» Exercise
Please reproduce the entire listing exactly.

» Information shown

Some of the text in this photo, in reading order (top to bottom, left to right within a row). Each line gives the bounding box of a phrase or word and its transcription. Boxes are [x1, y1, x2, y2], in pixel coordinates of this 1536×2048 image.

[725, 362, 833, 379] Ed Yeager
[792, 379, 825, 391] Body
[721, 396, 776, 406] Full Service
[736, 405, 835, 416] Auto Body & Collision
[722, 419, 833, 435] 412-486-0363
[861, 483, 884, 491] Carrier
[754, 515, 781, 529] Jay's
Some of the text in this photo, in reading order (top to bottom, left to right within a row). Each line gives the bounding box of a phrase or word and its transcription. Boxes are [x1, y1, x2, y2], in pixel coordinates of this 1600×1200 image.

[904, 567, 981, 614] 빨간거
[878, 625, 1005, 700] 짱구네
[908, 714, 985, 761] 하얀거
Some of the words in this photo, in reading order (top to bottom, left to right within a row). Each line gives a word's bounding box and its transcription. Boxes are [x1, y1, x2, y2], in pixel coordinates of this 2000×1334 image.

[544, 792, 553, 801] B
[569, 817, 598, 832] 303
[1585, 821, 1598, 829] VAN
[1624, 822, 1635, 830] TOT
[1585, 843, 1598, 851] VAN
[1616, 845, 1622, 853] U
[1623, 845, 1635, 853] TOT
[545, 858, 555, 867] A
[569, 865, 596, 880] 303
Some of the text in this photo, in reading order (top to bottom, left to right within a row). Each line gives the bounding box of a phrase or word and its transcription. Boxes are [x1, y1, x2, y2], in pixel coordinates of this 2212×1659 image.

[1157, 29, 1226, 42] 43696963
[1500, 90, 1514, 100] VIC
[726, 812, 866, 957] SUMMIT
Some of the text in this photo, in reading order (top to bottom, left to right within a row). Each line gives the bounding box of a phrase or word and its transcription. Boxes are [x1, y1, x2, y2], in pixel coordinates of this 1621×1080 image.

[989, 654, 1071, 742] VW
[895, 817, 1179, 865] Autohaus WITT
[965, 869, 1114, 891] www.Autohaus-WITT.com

» Solution for this exercise
Some of the text in this photo, in reading order (top to bottom, left to right within a row). Each line gives the bounding box of a phrase or word and its transcription. Boxes are [x1, y1, x2, y2], in pixel coordinates of this 1536×2048 image.

[725, 362, 833, 379] Ed Yeager
[792, 379, 825, 391] Body
[721, 396, 776, 406] Full Service
[736, 405, 835, 416] Auto Body & Collision
[722, 419, 833, 435] 412-486-0363
[861, 483, 884, 491] Carrier
[754, 515, 781, 529] Jay's
Some of the text in this photo, in reading order (top to bottom, left to right within a row). Each line gives the bounding box of a phrase or word and its transcription. Boxes are [x1, y1, x2, y2], in pixel coordinates of this 1600×1200 image.

[904, 567, 981, 614] 빨간거
[878, 625, 1005, 700] 짱구네
[908, 714, 985, 761] 하얀거
Some of the words in this photo, in reading order (top to bottom, left to right within a row). Each line gives a word's bounding box and its transcription. Boxes are [x1, y1, x2, y2], in pixel coordinates of this 2000×1334 image.

[544, 792, 553, 801] B
[569, 817, 598, 832] 303
[1585, 821, 1598, 829] VAN
[1624, 822, 1635, 830] TOT
[1585, 843, 1598, 851] VAN
[1616, 845, 1622, 853] U
[1623, 845, 1635, 853] TOT
[545, 858, 555, 867] A
[569, 865, 596, 880] 303
Some of the text in this photo, in reading order (top to bottom, left to right within a row). Each line gives the bounding box of a phrase or word and its transcription. Boxes are [x1, y1, x2, y2], in pixel coordinates of this 2212×1659 image.

[1157, 29, 1226, 42] 43696963
[1500, 90, 1514, 100] VIC
[726, 812, 866, 957] SUMMIT
Some of the text in this photo, in reading order (top to bottom, left to right within a row). Each line gives the bounding box of a phrase or word and its transcription. Boxes are [x1, y1, x2, y2], in pixel coordinates of this 1621×1080 image.

[989, 654, 1071, 742] VW
[895, 817, 1179, 865] Autohaus WITT
[965, 869, 1114, 891] www.Autohaus-WITT.com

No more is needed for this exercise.